Rights and duties shared by all cotenants
Co-tenants, irrespective of the type of tenancy, share certain rights to the property:
1. Each tenant has an unrestricted right of access to the property. Where one co-tenant wrongfully excludes another from making use of the property, the excluded
co-tenant can bring a cause of action for ouster, and may receive the fair rental value of the property for the time that he was dispossessed.
2. Each tenant has a right to an accounting of profits made from the property. If the property generates income such as rent, each tenant is entitled to a proportion of that income.
3. Each tenant has a right of contribution for the costs of owning the property. Co-tenants can be forced to contribute to the payment of expenses such as repairs, property taxes, and mortgages on the entire property.

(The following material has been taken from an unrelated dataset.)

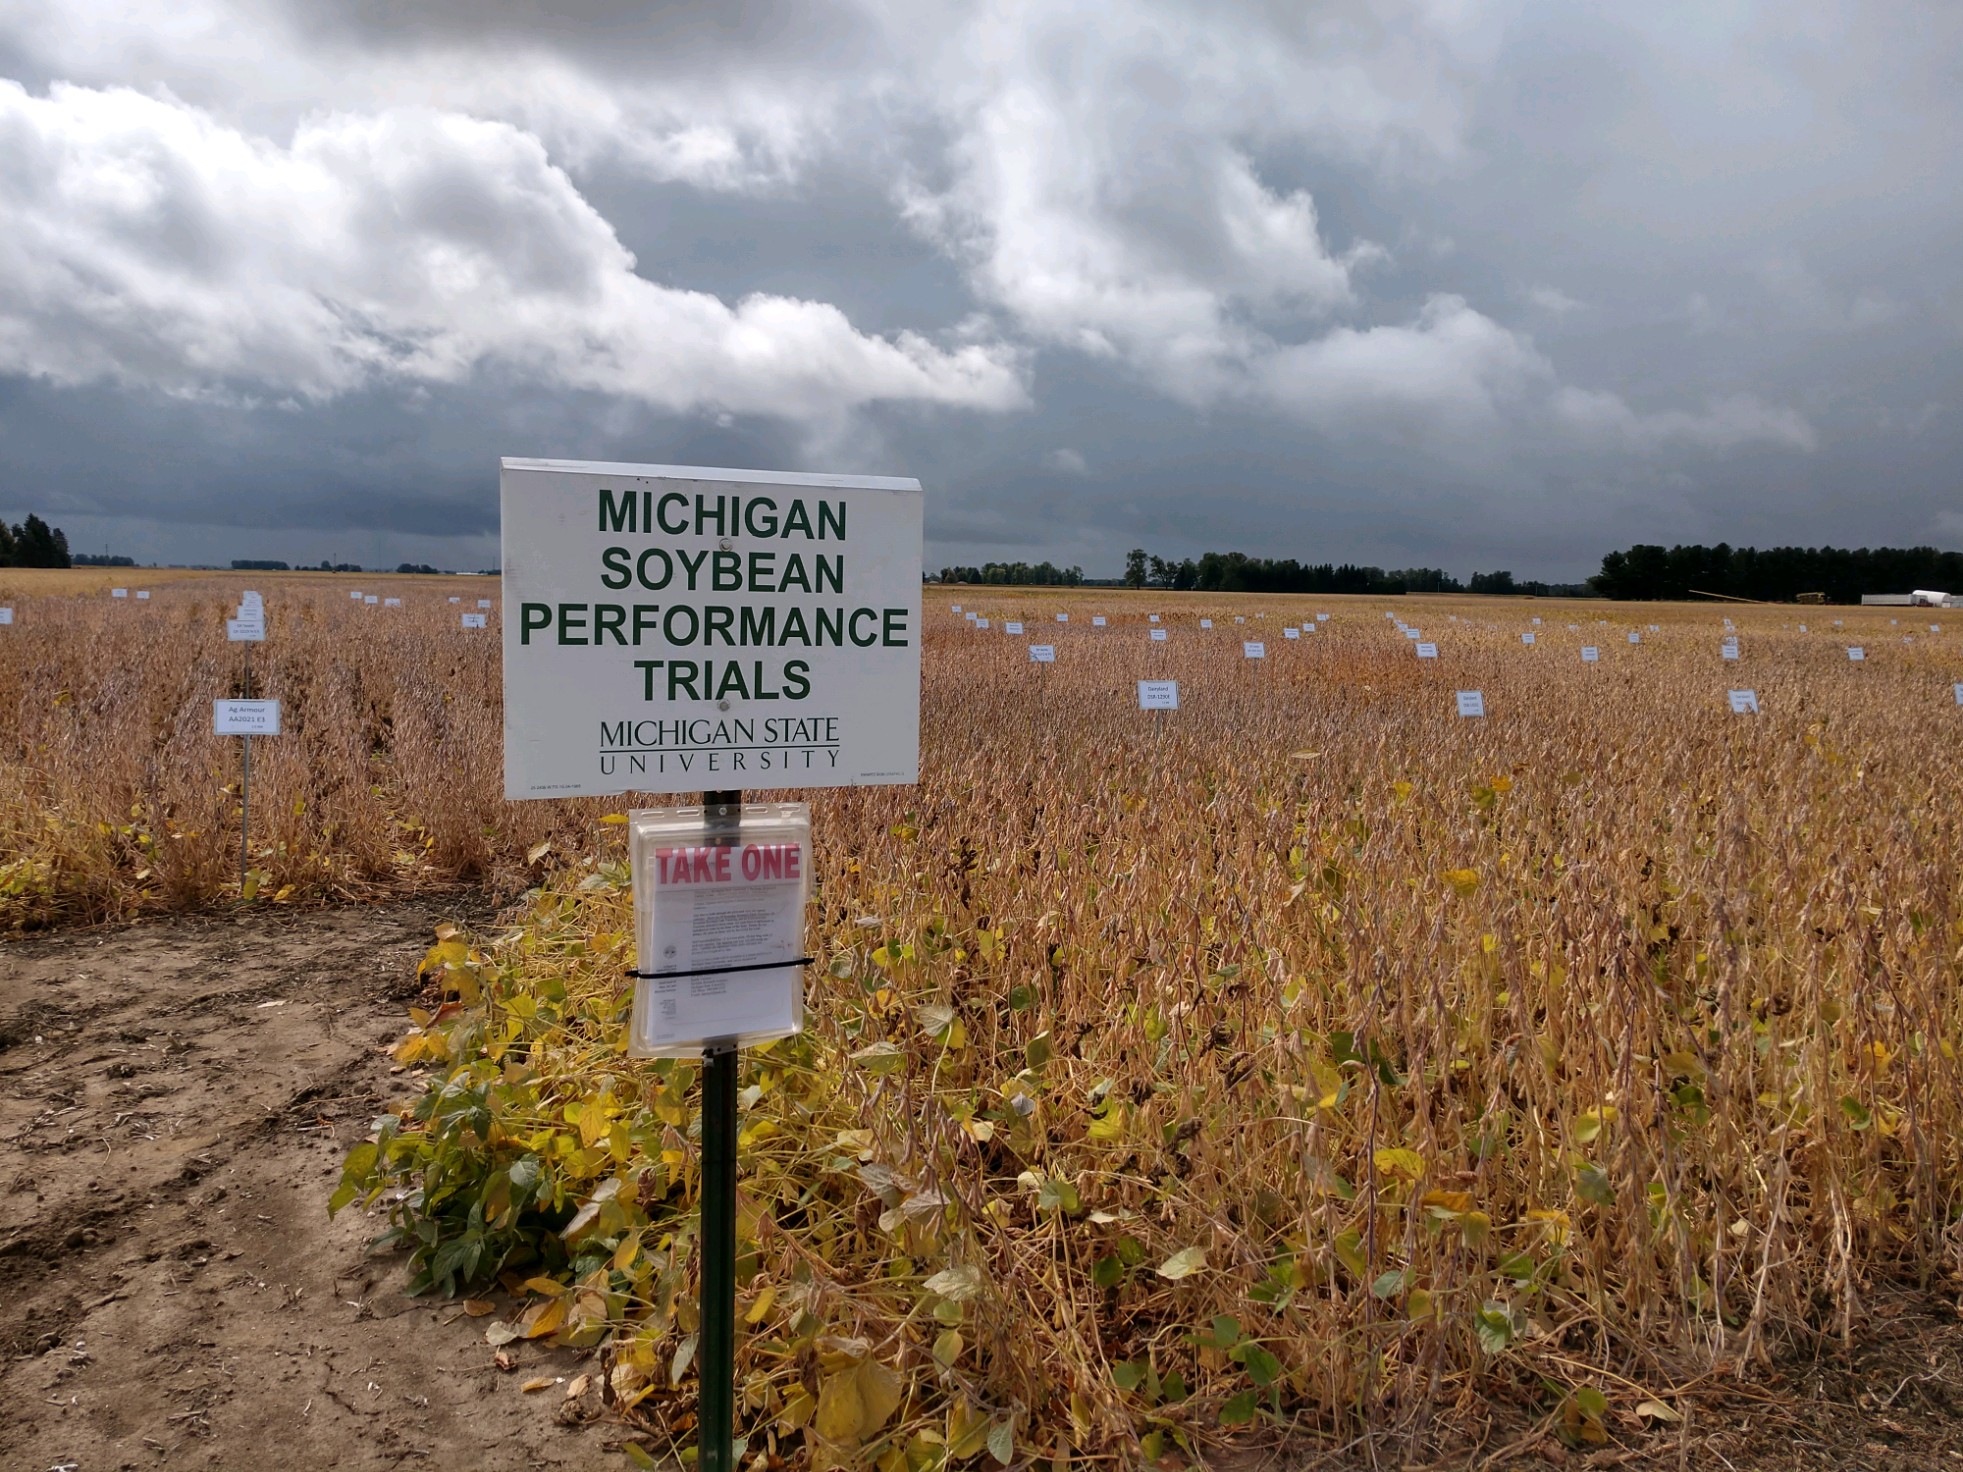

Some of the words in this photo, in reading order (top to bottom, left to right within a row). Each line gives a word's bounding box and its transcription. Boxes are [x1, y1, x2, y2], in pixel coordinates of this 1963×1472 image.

Co-tenants have no obligation to contribute to any costs of improving the property. Furthermore, each co-tenant can
independently encumber their own share in the property by taking out a mortgage on that share; other co-tenants have no obligation to help pay a mortgage that only runs to another tenant's share of the property, and the mortgagee can only foreclose on that share.
Finally, co-tenants owe one another a duty of fair dealing. Because of this, any co-tenant who acquires a mortgage claim against the property must give his co-tenants a reasonable opportunity to purchase proportionate shares in that claim.
Destruction of a tenancy in common
Where the parties to a tenancy in common wish to destroy the joint interest, they can do so through a partition of the property - a division of the land into distinctly owned plots.
If the parties are unable to agree to a partition, any or all of them may seek the ruling of a court to determine how the land should be divided up, physically divide it between the joint owners, leaving each with ownership of a portion of the property representing their
share.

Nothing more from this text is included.